### The data
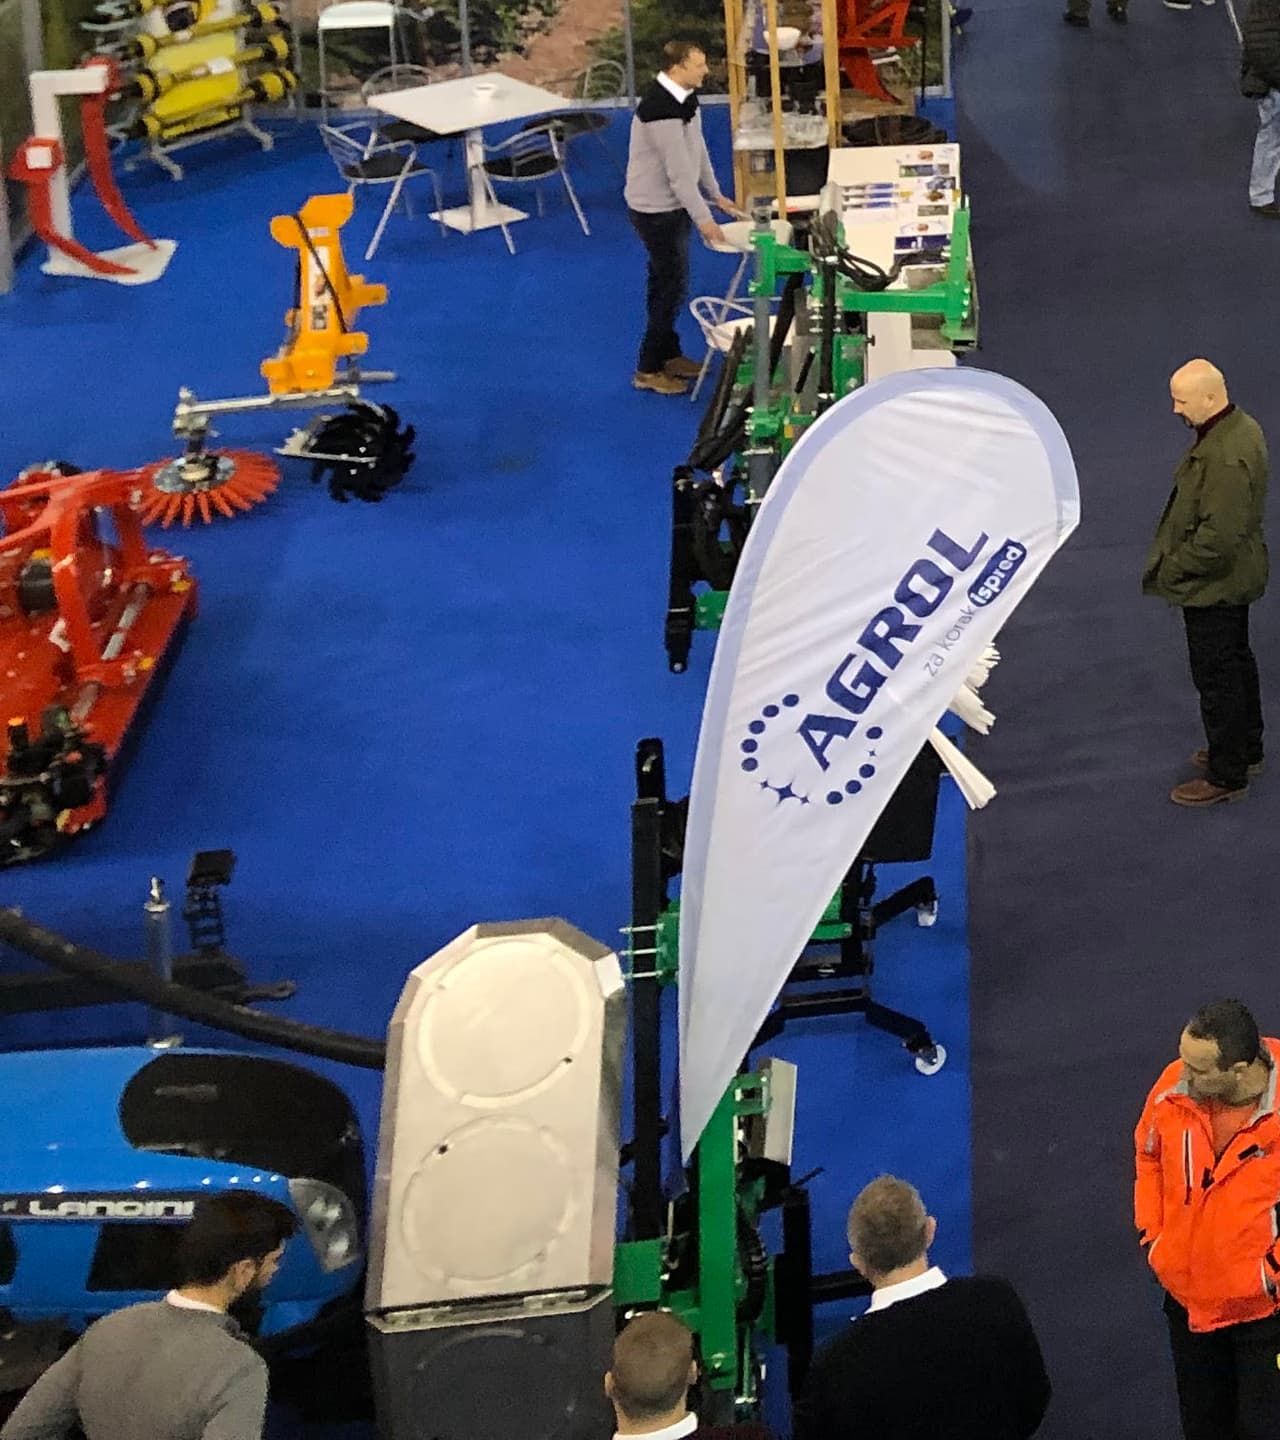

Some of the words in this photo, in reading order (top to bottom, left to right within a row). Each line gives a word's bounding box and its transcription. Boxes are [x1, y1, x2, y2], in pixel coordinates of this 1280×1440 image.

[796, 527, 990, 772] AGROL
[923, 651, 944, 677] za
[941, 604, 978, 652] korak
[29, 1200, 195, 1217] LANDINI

### To do
I would like the material repeated in full and exactly, with its images omitted.

### Exercise answer
Some of the words in this photo, in reading order (top to bottom, left to right within a row). Each line gives a word's bounding box and its transcription. Boxes are [x1, y1, x2, y2], in pixel coordinates of this 1280×1440 image.

[796, 527, 990, 772] AGROL
[923, 651, 944, 677] za
[941, 604, 978, 652] korak
[29, 1200, 195, 1217] LANDINI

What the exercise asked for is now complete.